Work task. All of the data below must be reproduced word for word, but without its images.

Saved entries
==================================================

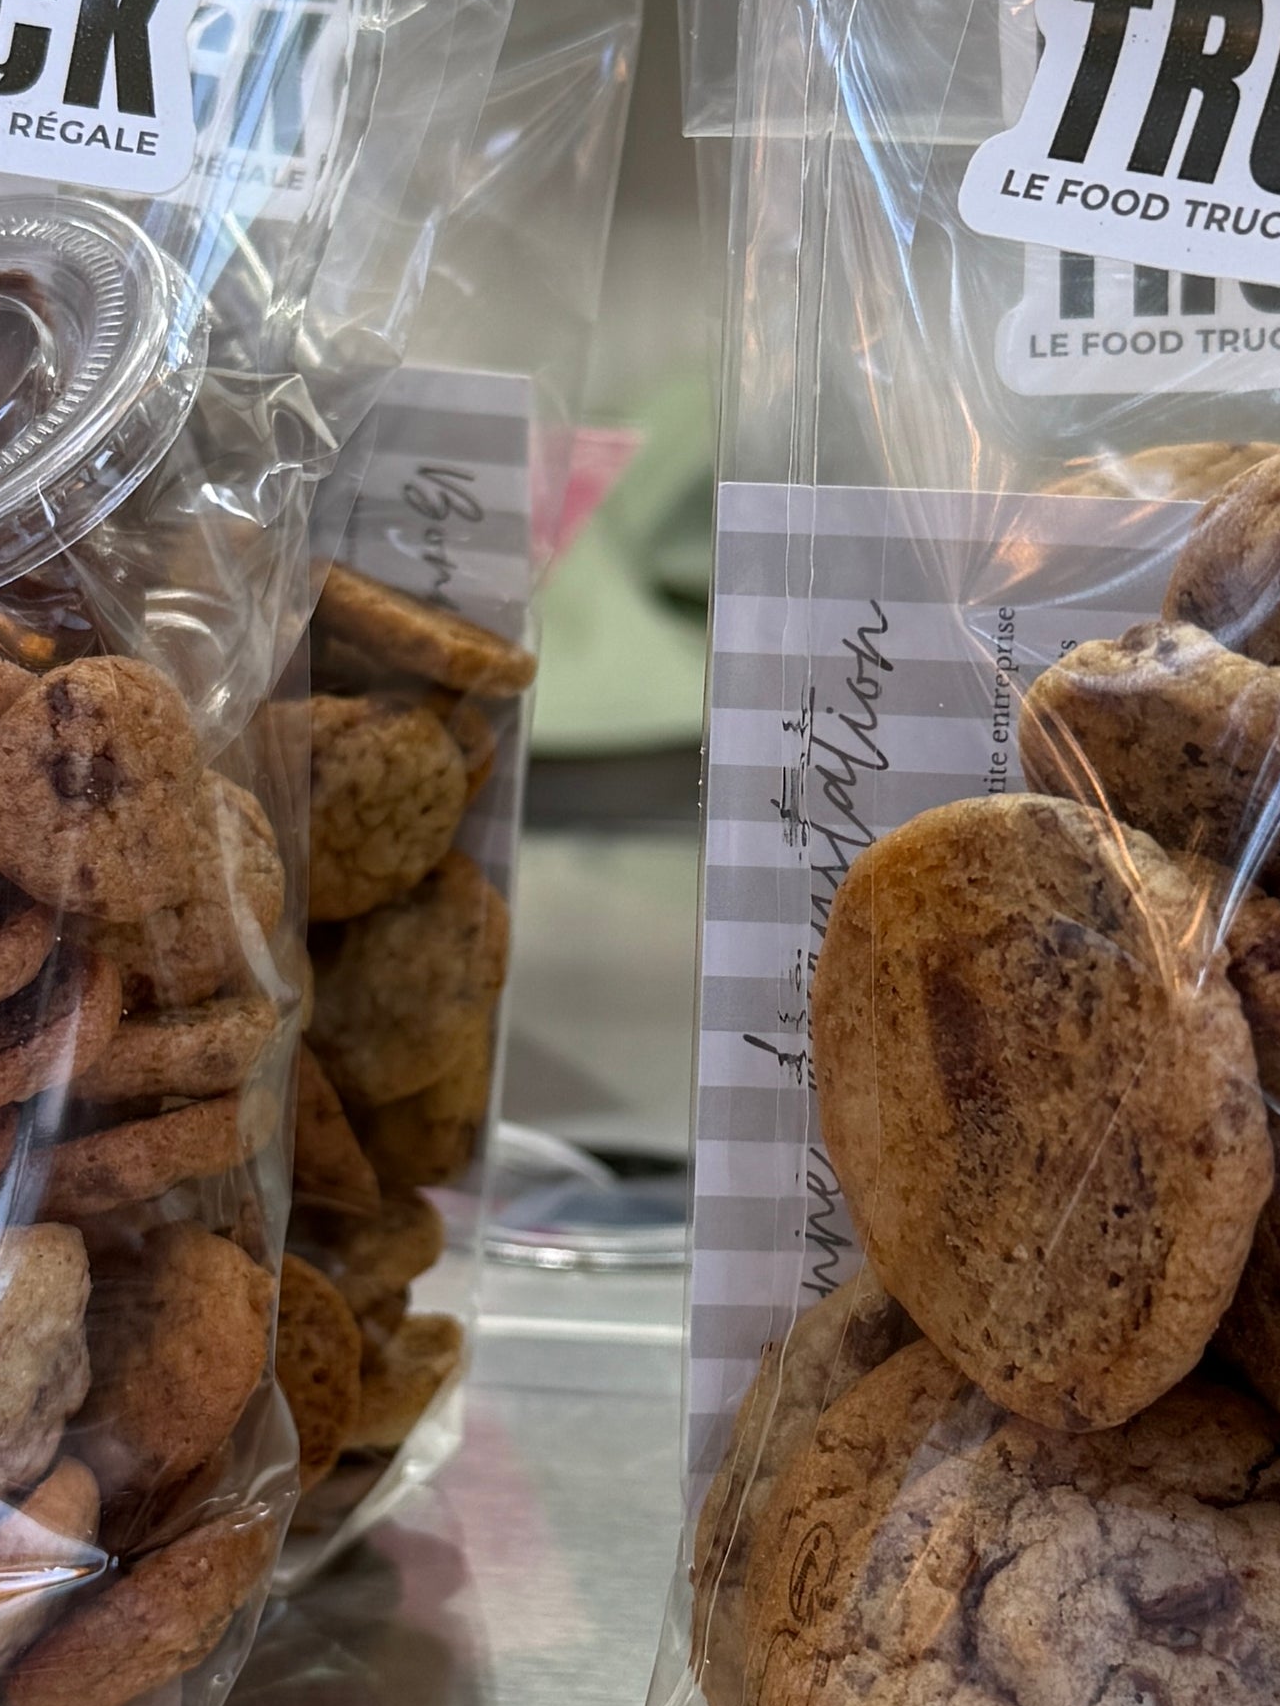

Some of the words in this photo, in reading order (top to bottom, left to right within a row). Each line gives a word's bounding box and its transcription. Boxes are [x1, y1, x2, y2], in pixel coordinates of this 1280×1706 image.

[9, 110, 160, 157] RÉGALE
[1001, 169, 1044, 201] LE
[1057, 179, 1170, 222] FOOD
[1030, 334, 1068, 359] LE
[1082, 330, 1183, 357] FOOD
[988, 606, 1018, 745] entreprise
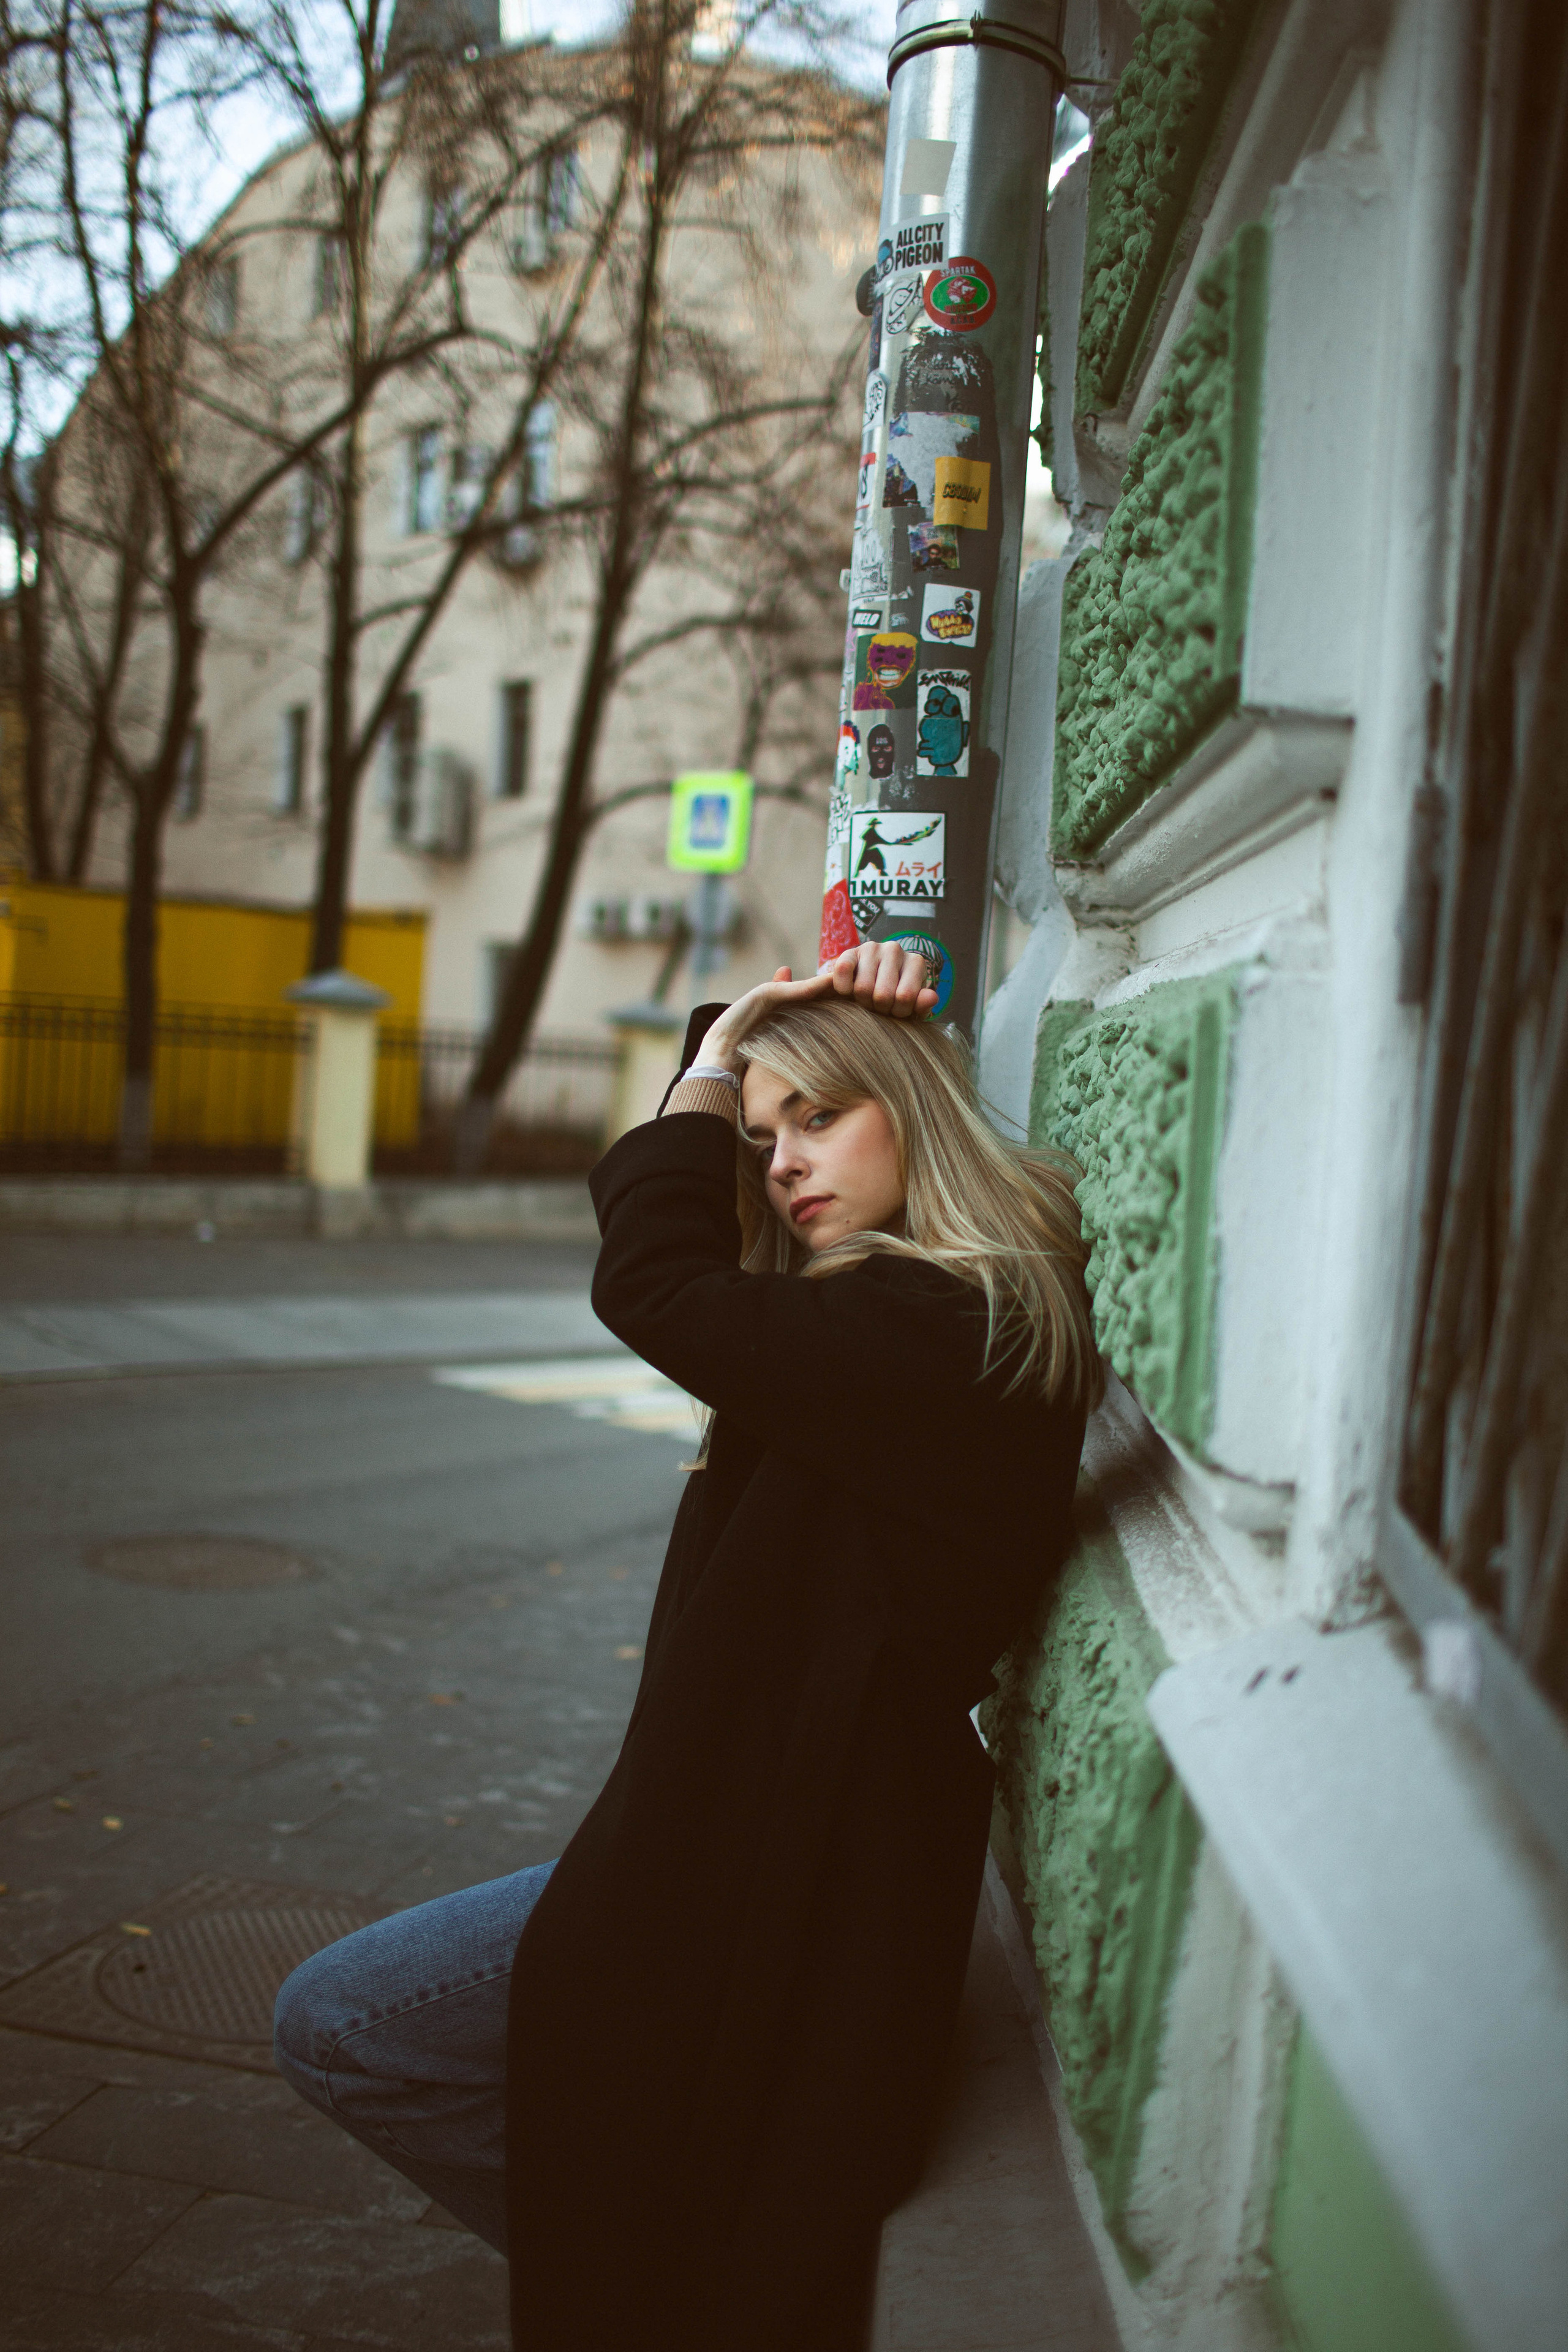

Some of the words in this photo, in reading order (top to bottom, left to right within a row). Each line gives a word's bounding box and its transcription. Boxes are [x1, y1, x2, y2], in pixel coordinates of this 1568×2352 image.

[895, 241, 943, 271] PIGEON
[940, 265, 976, 277] SPARTAK
[895, 861, 942, 878] ムライ
[867, 900, 880, 913] YOU
[853, 914, 864, 929] TER
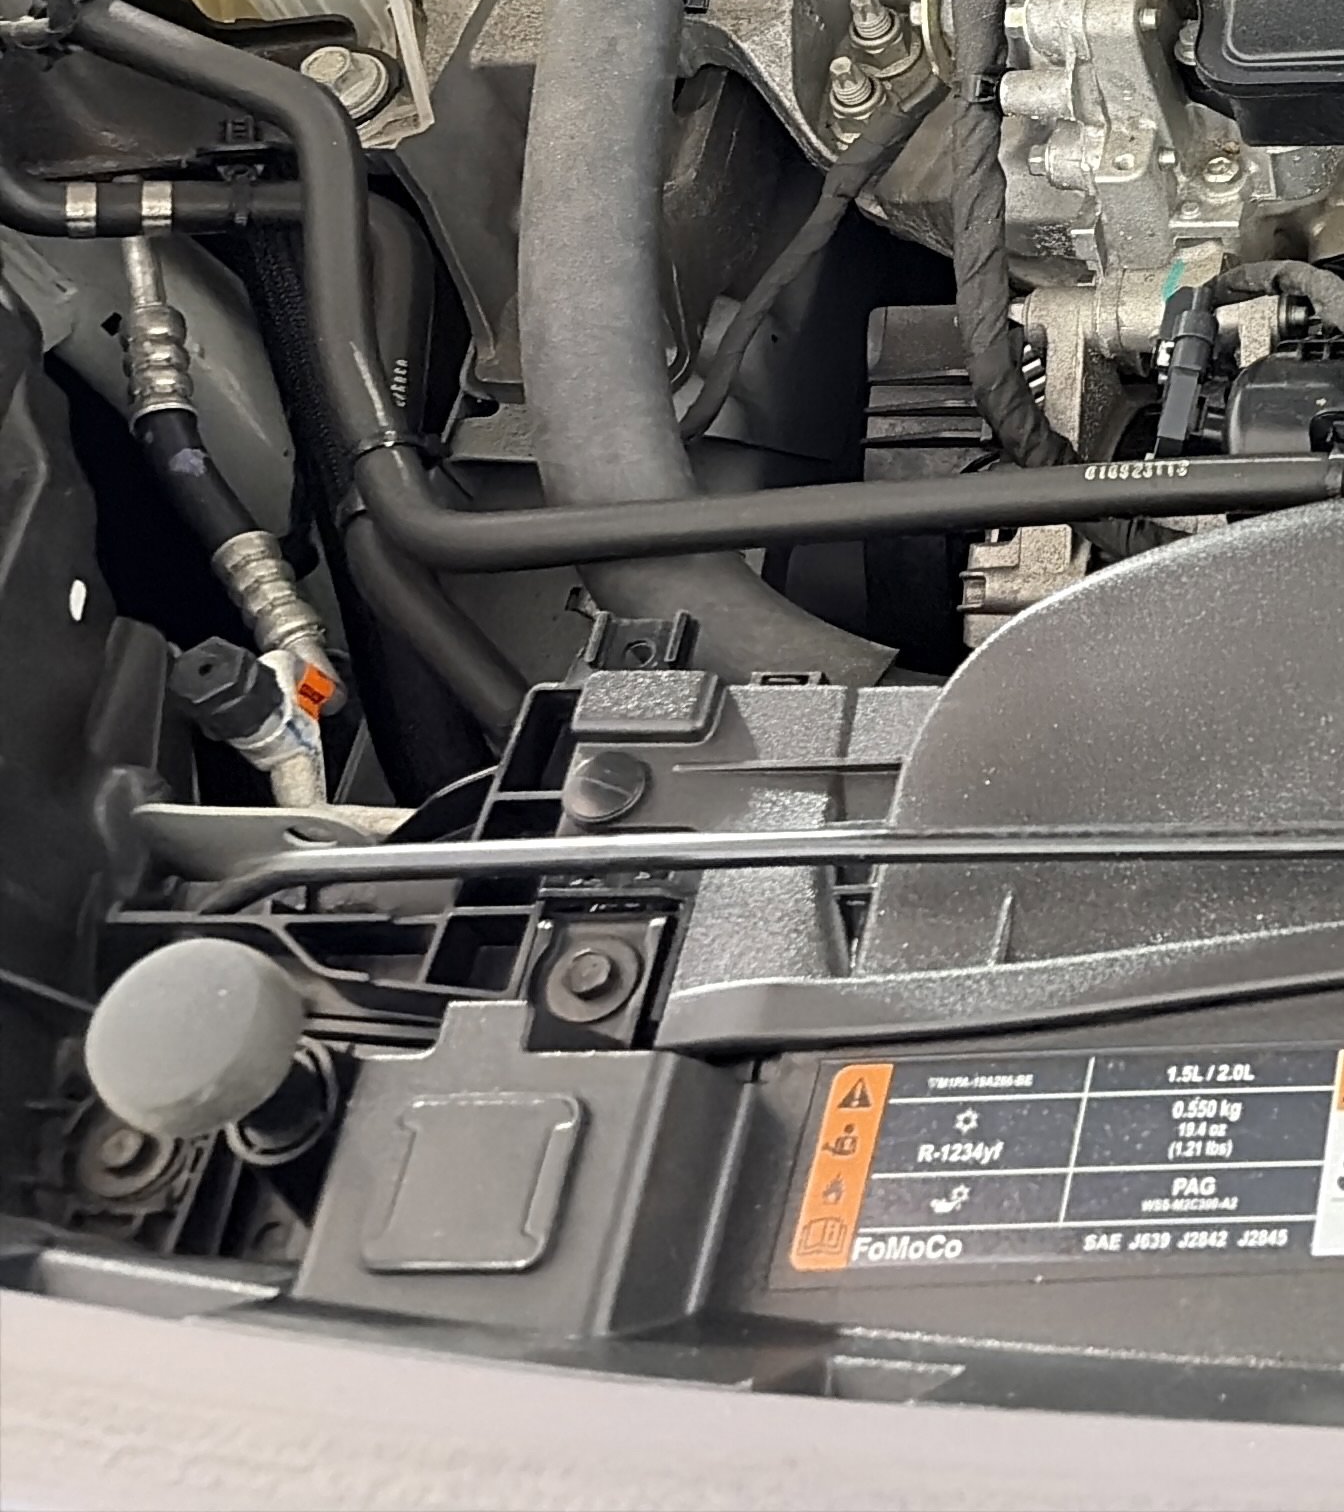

==================================================

Answer to this exercise.
Some of the words in this photo, in reading order (top to bottom, left to right within a row). Each line gives a word's bounding box and its transcription. Boxes are [x1, y1, x2, y2], in pixel coordinates of this 1280×1706 image.

[9, 110, 160, 157] RÉGALE
[1001, 169, 1044, 201] LE
[1057, 179, 1170, 222] FOOD
[1030, 334, 1068, 359] LE
[1082, 330, 1183, 357] FOOD
[988, 606, 1018, 745] entreprise

Some of the words in this photo, in reading order (top to bottom, left to right within a row). Each line gives a word's bounding box and its transcription. Boxes are [x1, y1, x2, y2], in pixel coordinates of this 1568×2352 image.

[895, 241, 943, 271] PIGEON
[940, 265, 976, 277] SPARTAK
[895, 861, 942, 878] ムライ
[867, 900, 880, 913] YOU
[853, 914, 864, 929] TER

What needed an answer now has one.